Your instructions. Exact copy, no pictures: return all the data below as written.

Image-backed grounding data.
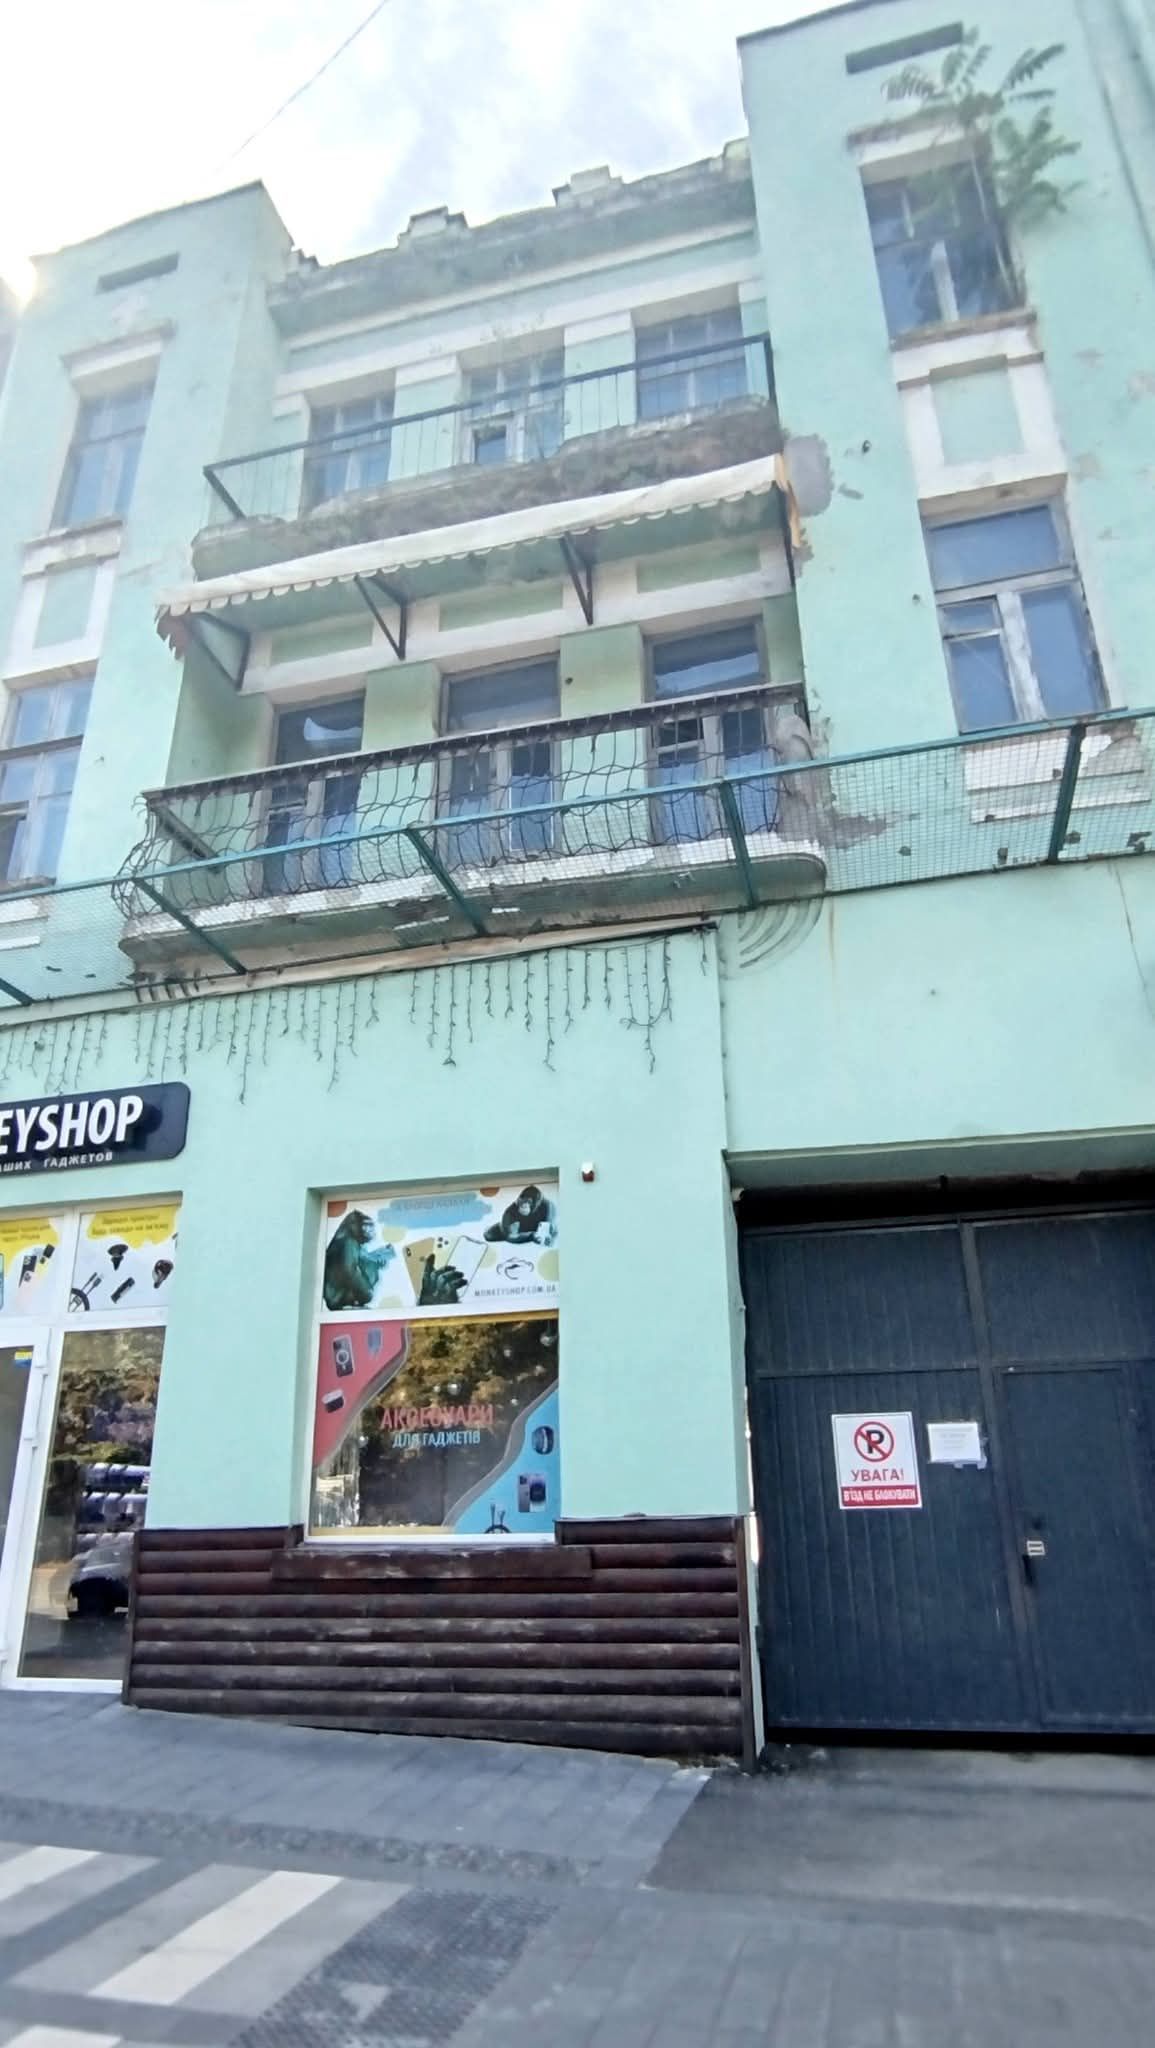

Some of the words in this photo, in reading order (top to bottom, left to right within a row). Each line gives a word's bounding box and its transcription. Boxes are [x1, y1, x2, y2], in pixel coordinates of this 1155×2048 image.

[0, 1095, 143, 1155] EYSHOP
[0, 1161, 31, 1173] ШИХ
[44, 1152, 113, 1168] ГАДЖЕТОВ
[392, 1431, 419, 1448] ДЛЯ
[422, 1430, 481, 1447] ГАДЖЕТІВ
[851, 1468, 904, 1481] УВАГА!
[864, 1489, 873, 1501] НЕ

Output of the task.
Some of the words in this photo, in reading order (top to bottom, left to right within a row). Each line gives a word's bounding box and its transcription. Boxes are [x1, y1, x2, y2], in pixel coordinates of this 1155×2048 image.

[0, 1095, 143, 1155] EYSHOP
[0, 1161, 31, 1173] ШИХ
[44, 1152, 113, 1168] ГАДЖЕТОВ
[392, 1431, 419, 1448] ДЛЯ
[422, 1430, 481, 1447] ГАДЖЕТІВ
[851, 1468, 904, 1481] УВАГА!
[864, 1489, 873, 1501] НЕ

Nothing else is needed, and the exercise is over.